La Fondation Brigitte Bardot milite pour la défense du Thon rouge, espèce fortement menacée à l'etat sauvage.

Publié le par Ricard Bruno

A quelques mois de l’ouverture de la 15ème Conférence des Parties à la CITES, la Fondation Brigitte Bardot a sollicité l’intervention du gouvernement français pour défendre, au sein de l’Union Européenne, la proposition faite par Monaco concernant l’inscription du Thon rouge (Thunnus thynnus) en Annexe I afin de stopper le déclin déjà bien avancé des populations sauvages.
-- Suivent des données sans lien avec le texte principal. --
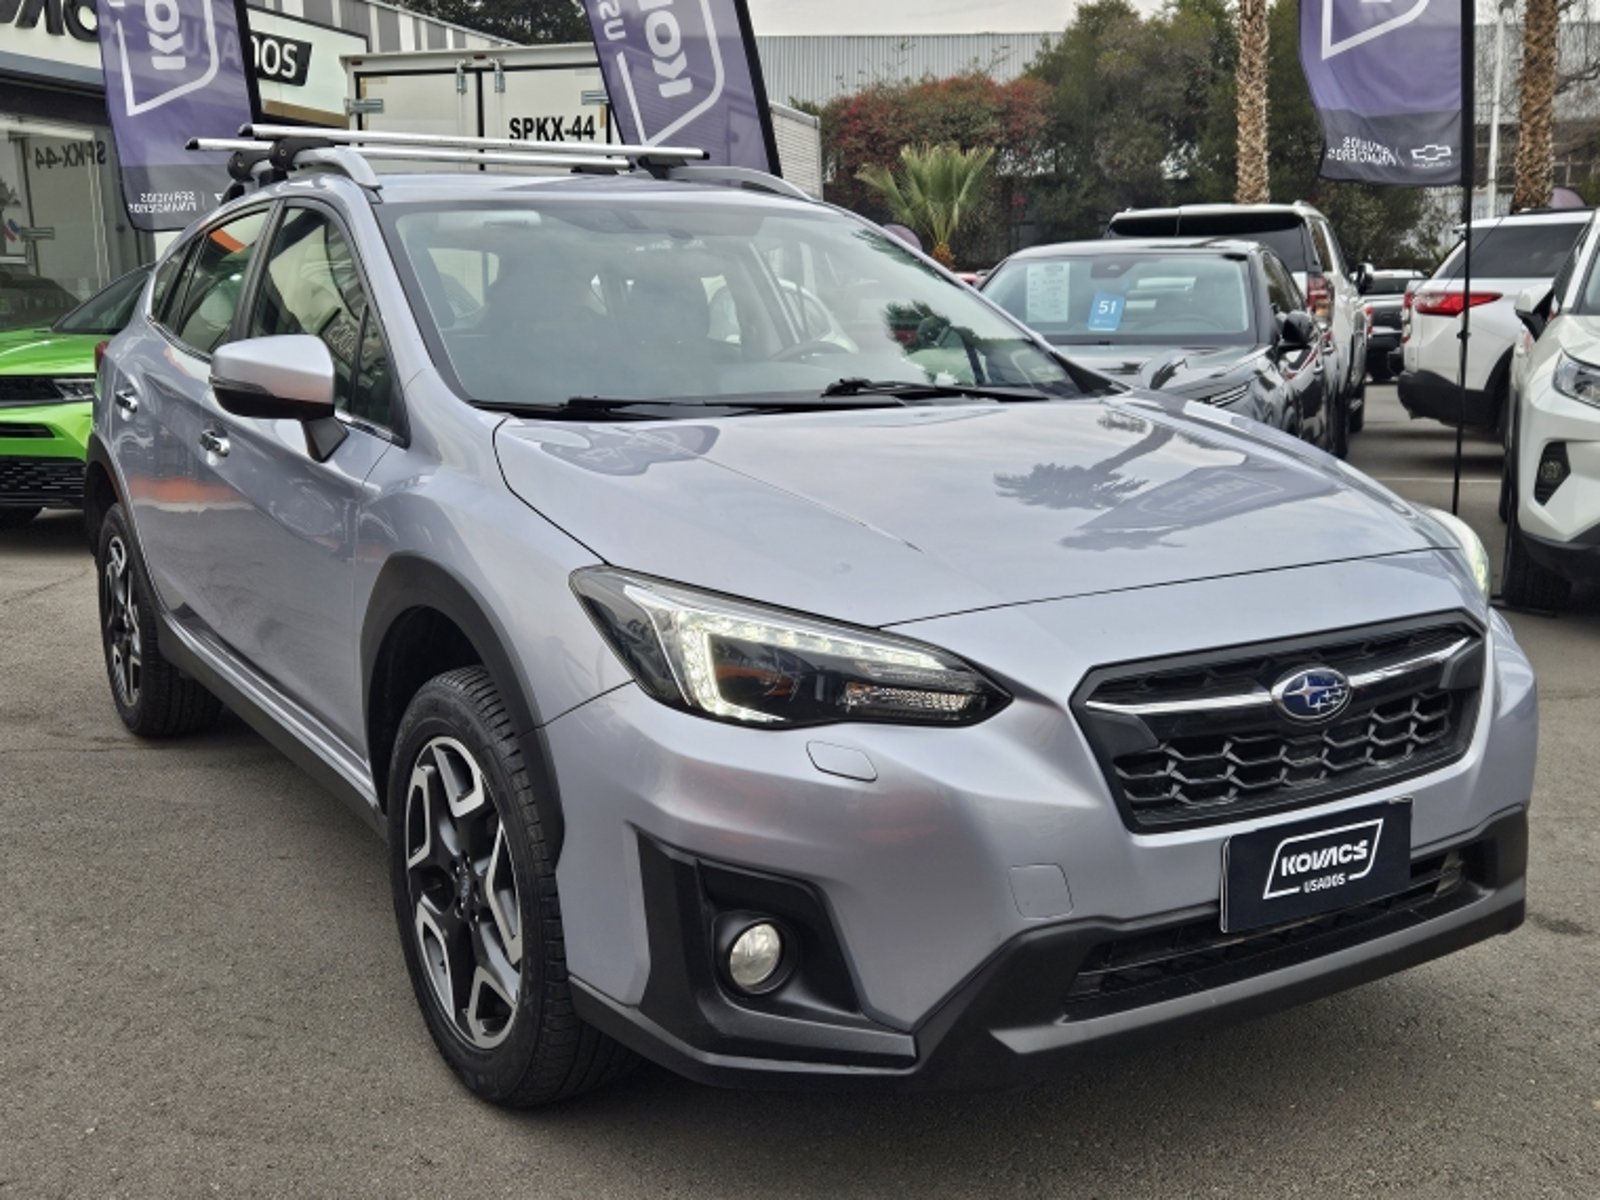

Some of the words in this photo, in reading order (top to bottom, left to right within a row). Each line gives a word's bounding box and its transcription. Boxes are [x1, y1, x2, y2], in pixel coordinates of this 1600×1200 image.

[509, 115, 596, 141] SPKX-44
[1098, 300, 1117, 314] 51
[1281, 839, 1368, 876] KOVACS
[1303, 873, 1346, 893] USADOS
La FBB sera présente en tant qu’observateur à la COP 15 et nous savons que la France va jouer un rôle important dans le positionnement de l’Union Européenne face à cette proposition. Nous soutenons l’inscription du Thon rouge en annexe I et cela pour différentes raisons :

L’inscription du thon rouge d’Atlantique à l’Annexe I de la Convention est cohérente avec la résolution Conf. 9.24 (Rév. CdP 14) car la population remplit les critères de l’annexe I.

En effet, les stocks de l’Atlantique Est et de la Méditerranée ont subit un déclin de 74,2%, en 50 ans de 1957 à 2007, dont la plus grande partie a eu lieu au cours de la dernière décennie.

Les stocks de l’Atlantique Ouest ont également subit une diminution de 82,4 % sur une période de 34 années.

Si la pêche devait se poursuivre avec le même taux de mortalité, associé à une biomasse du stock reproducteur faible et une surcapacité massive de pêche, nous assisterions à la chute massive des stocks.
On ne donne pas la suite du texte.